Image credit: Sokunthary Svay
My Khmer and Southeast Asian folks. Please take a few minutes and read this letter from a coalition of Black leadership published in the New York Times on March 19th, 1978.
Read every single word.
Read it and think about how you are responding right now when Black folks are saying they are facing genocide. And then let's have a real conversation and let's make plans for how we can join the fight for Black lives.
#BlackLivesMatter #Khmers4BlackLives #SoutheastAsians4BlackLives #RefugeeResistance4BlackPower
New York Times, March 19th, 1978
Black Americans urge admission of the Indochinese refugees
Throughout non-Communist Asia, thousands of unfortunate refugees from Vietnam, Laos and Cambodia languish in make-shift camps. For most, the future offer frightening prospects: social ostracism in the countries to which they fled, end unemployment, and - even worse - deportation to their homelands resulting in almost certain death.
As concerned citizens of the black community - a community which itself continues to endure widespread economic deprivation- we sympathize with our Asian brothers and sisters in the refugee camps.
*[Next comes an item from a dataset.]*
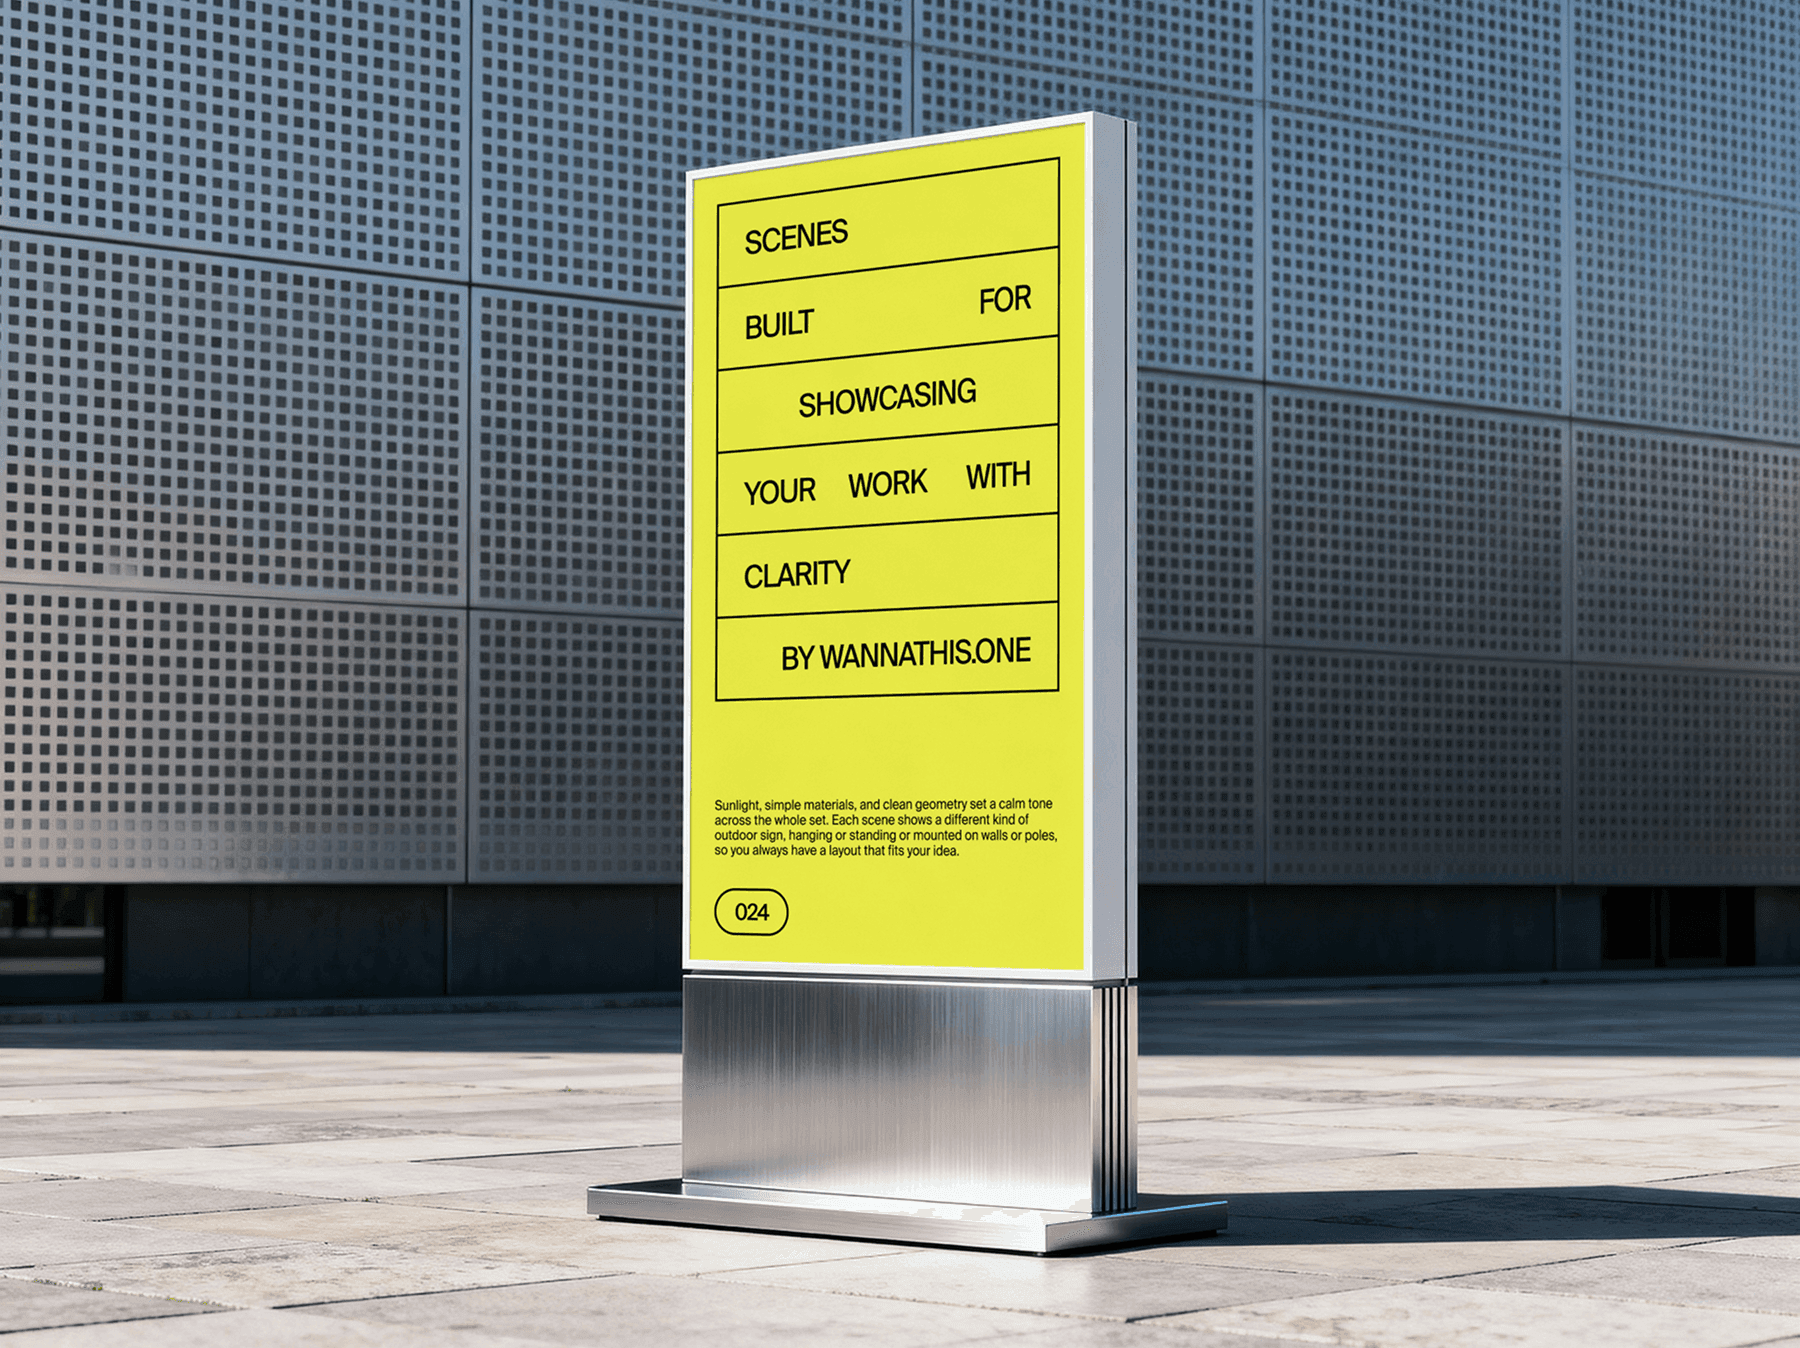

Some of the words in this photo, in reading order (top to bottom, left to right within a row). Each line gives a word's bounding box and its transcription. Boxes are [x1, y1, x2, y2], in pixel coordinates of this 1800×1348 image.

But our concern must transcend the safe boundaries of mere sympathy. We must move toward action.
Many well-meaning Americans have argued that action on this pressing problem is unworkable in economic terms and potentially explosive. We recognize the scandalous state of America's economy - especially its devastating manifestation in the black community - and we realize that any program to assist these refugees will entail modest economic costs. Yet, we oppose the dehumanizing tendency of placing price tags on the heads of Indochinese refugees.
In the past, America has displayed an uncanny ability to adapt to unusual and seemingly impossible situations. We believe that America can once again reach out to an embattled minority - these refugees - and offer safe haven and hope.
Thus, we call upon President Carter and the United States Congress to facilitate the entrance of these refugees into the United States in the same spirit that we have urged our country to accept the victims of South Africa's apartheid.
Through our arduous struggle for civil, political and economic rights in America, we have learned a fundamental lesson: the battle against human misery is indivisible. Our continuing struggle for economic and political freedom is inextricably linked to the struggles of Indochinese refugees who also seek freedom. If our government lacks compassion for these dispossessed human beings, it is difficult to believe that the same government can have much compassion for America's black minority, or for America's poor.